EXTRACTED DATA:
▬▬▬▬▬▬▬▬▬▬

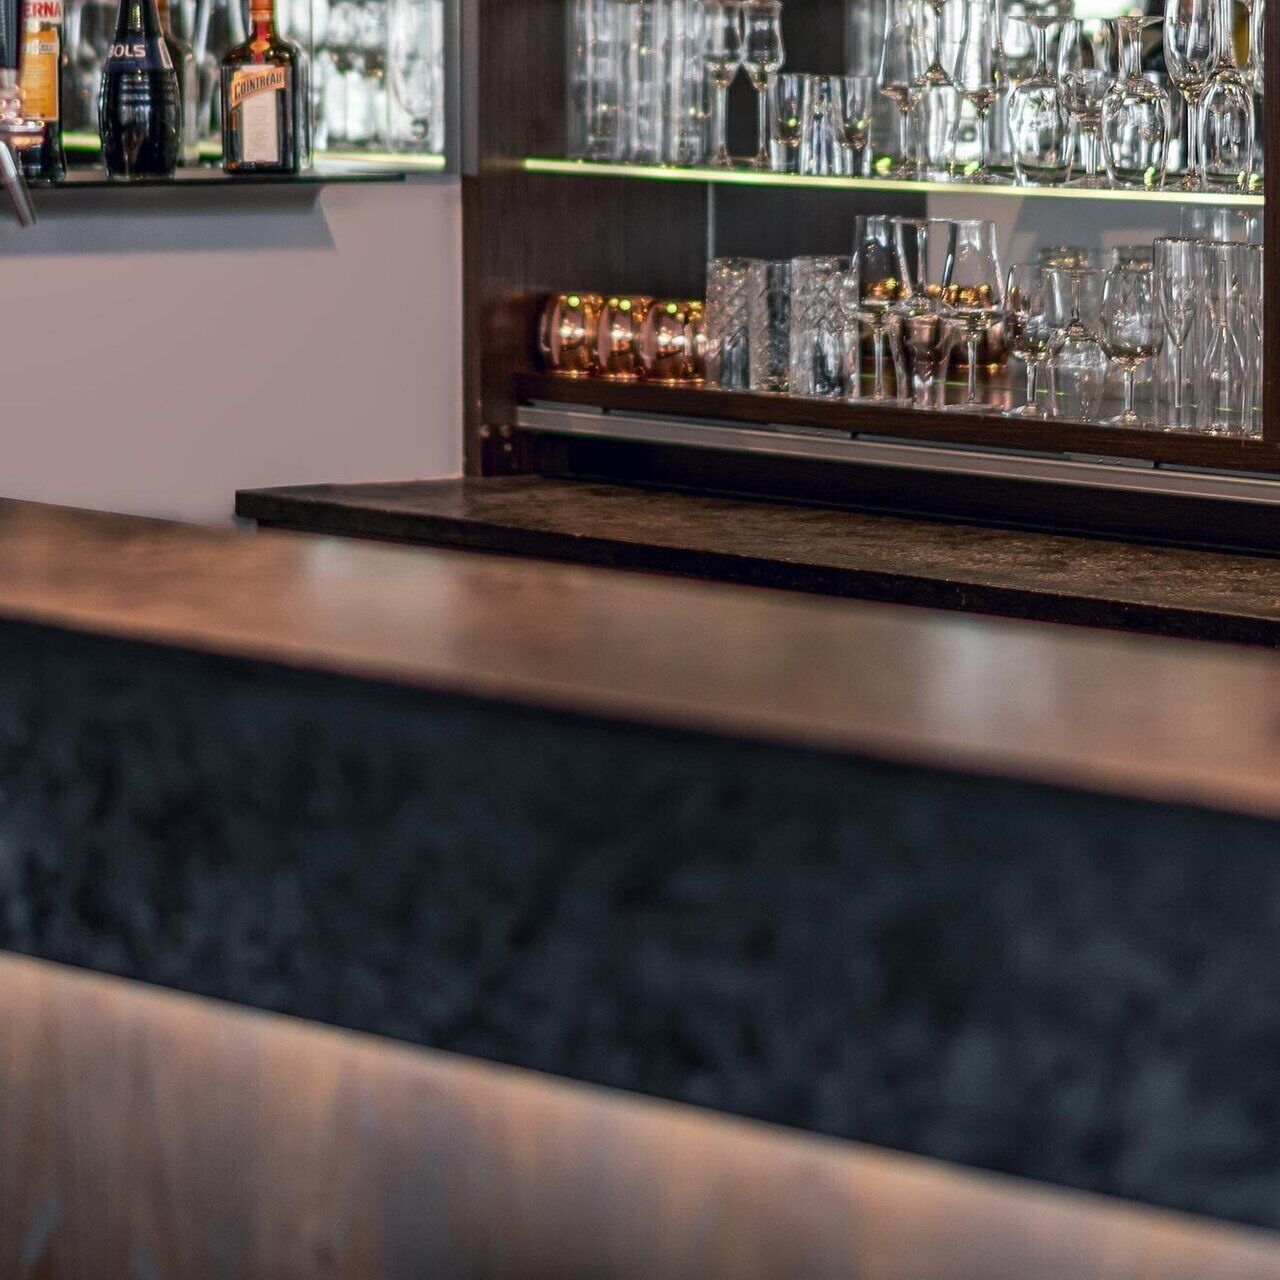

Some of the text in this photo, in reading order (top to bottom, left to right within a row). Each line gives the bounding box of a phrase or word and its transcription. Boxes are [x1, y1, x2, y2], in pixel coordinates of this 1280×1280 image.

[23, 1, 61, 17] ERNA
[109, 44, 146, 59] BOLS
[234, 73, 282, 100] COINTREAU
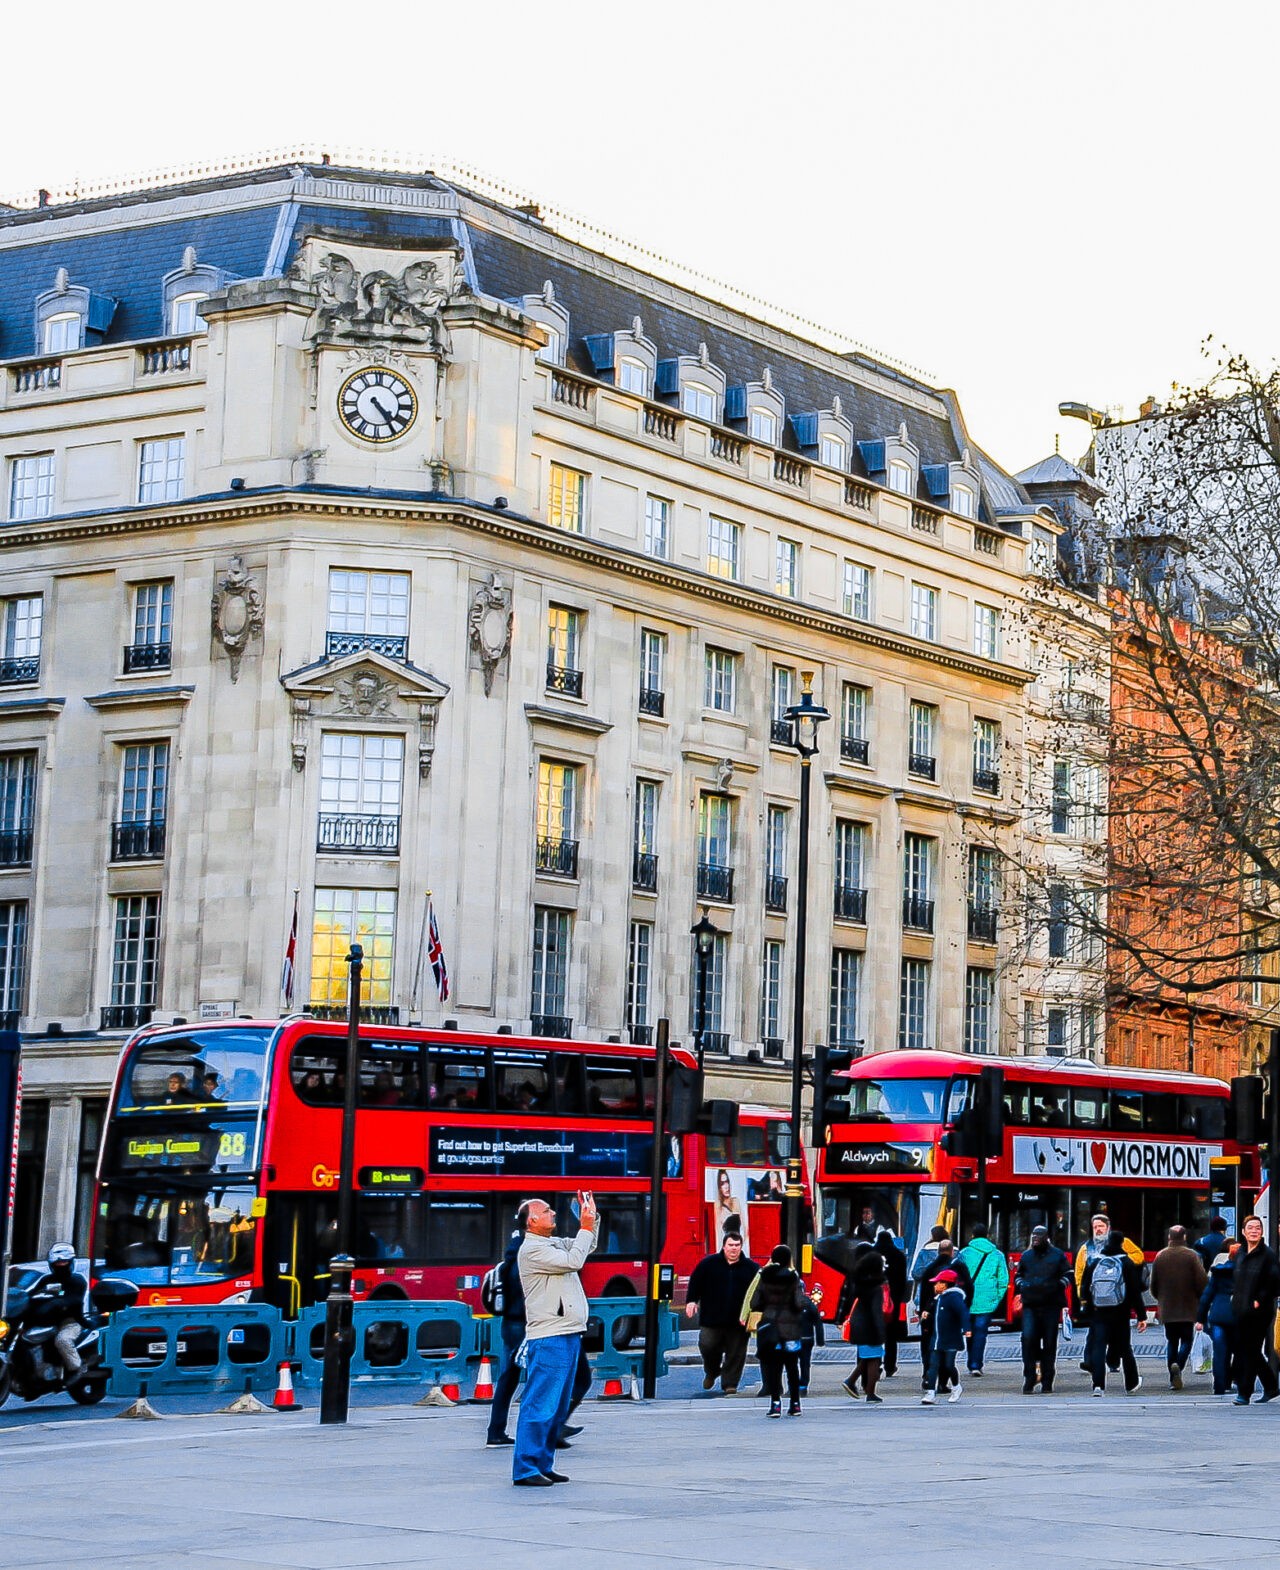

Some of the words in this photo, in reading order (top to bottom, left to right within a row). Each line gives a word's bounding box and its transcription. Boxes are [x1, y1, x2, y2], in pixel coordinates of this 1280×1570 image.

[220, 1133, 246, 1157] 88
[438, 1139, 454, 1150] Find
[455, 1141, 467, 1150] out
[483, 1141, 491, 1151] to
[492, 1142, 504, 1153] get
[841, 1150, 890, 1165] Aldwych
[911, 1148, 923, 1167] 9
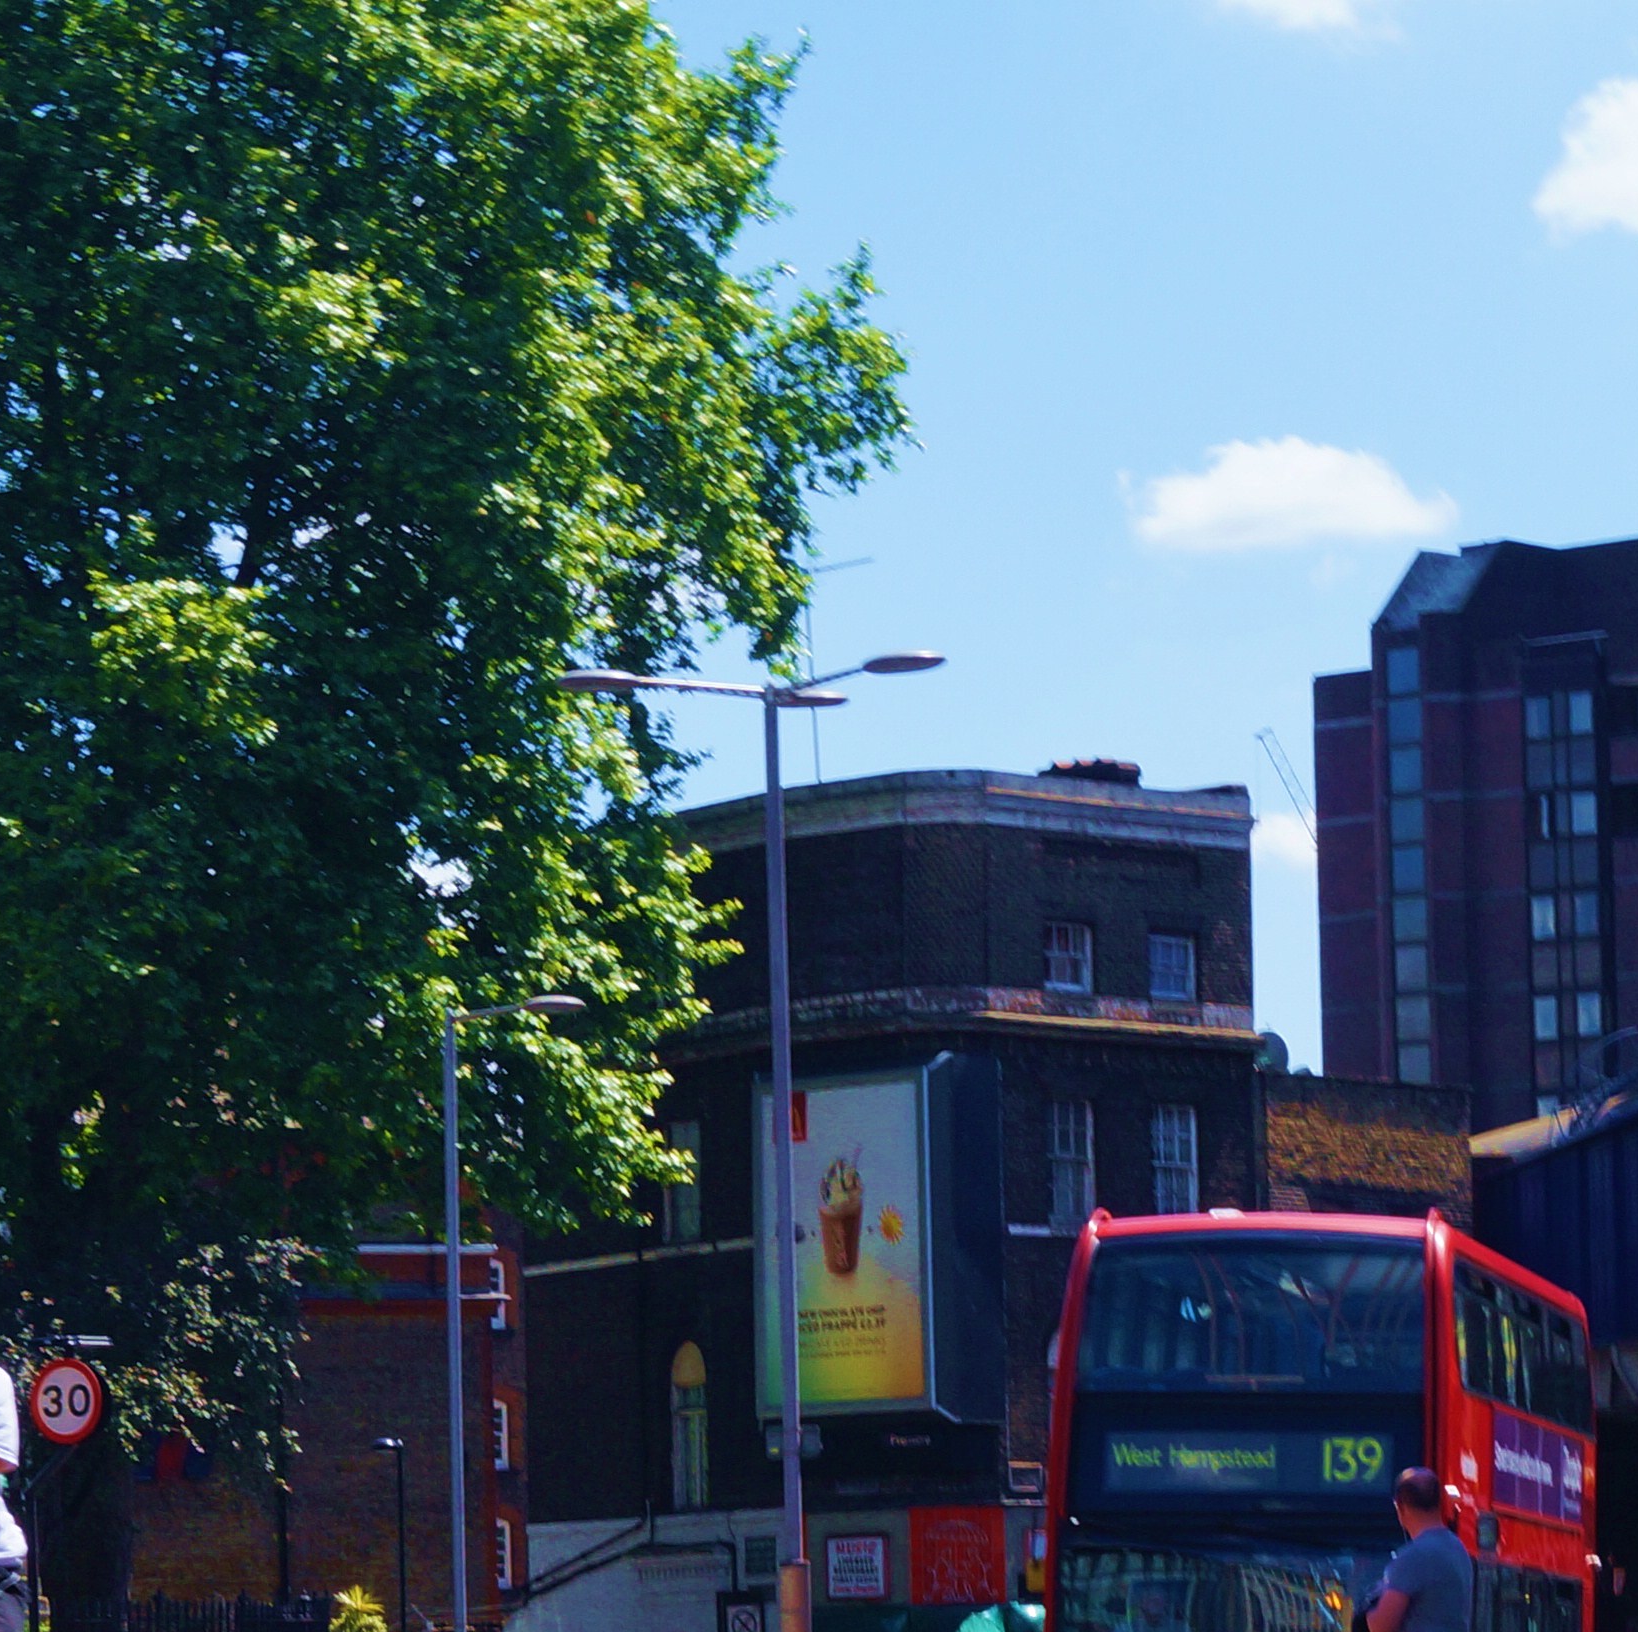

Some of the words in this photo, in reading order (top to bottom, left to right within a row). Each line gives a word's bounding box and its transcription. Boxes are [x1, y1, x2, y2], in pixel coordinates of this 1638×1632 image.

[42, 1383, 92, 1419] 30
[1112, 1442, 1163, 1468] West
[1168, 1442, 1277, 1474] Hampstead
[1321, 1436, 1384, 1482] 139

▬▬▬▬▬▬▬▬▬▬

Please reproduce each entry above word for word and keep the pictures out of the copy.

EXERCISE OUTPUT:
Some of the text in this photo, in reading order (top to bottom, left to right within a row). Each line gives the bounding box of a phrase or word and its transcription. Boxes are [x1, y1, x2, y2], in pixel coordinates of this 1280×1280 image.

[23, 1, 61, 17] ERNA
[109, 44, 146, 59] BOLS
[234, 73, 282, 100] COINTREAU

Some of the words in this photo, in reading order (top to bottom, left to right within a row). Each line gives a word's bounding box and its transcription. Boxes are [x1, y1, x2, y2], in pixel coordinates of this 1280×1570 image.

[220, 1133, 246, 1157] 88
[438, 1139, 454, 1150] Find
[455, 1141, 467, 1150] out
[483, 1141, 491, 1151] to
[492, 1142, 504, 1153] get
[841, 1150, 890, 1165] Aldwych
[911, 1148, 923, 1167] 9

Some of the words in this photo, in reading order (top to bottom, left to right within a row). Each line gives a word's bounding box and its transcription. Boxes are [x1, y1, x2, y2], in pixel coordinates of this 1638×1632 image.

[42, 1383, 92, 1419] 30
[1112, 1442, 1163, 1468] West
[1168, 1442, 1277, 1474] Hampstead
[1321, 1436, 1384, 1482] 139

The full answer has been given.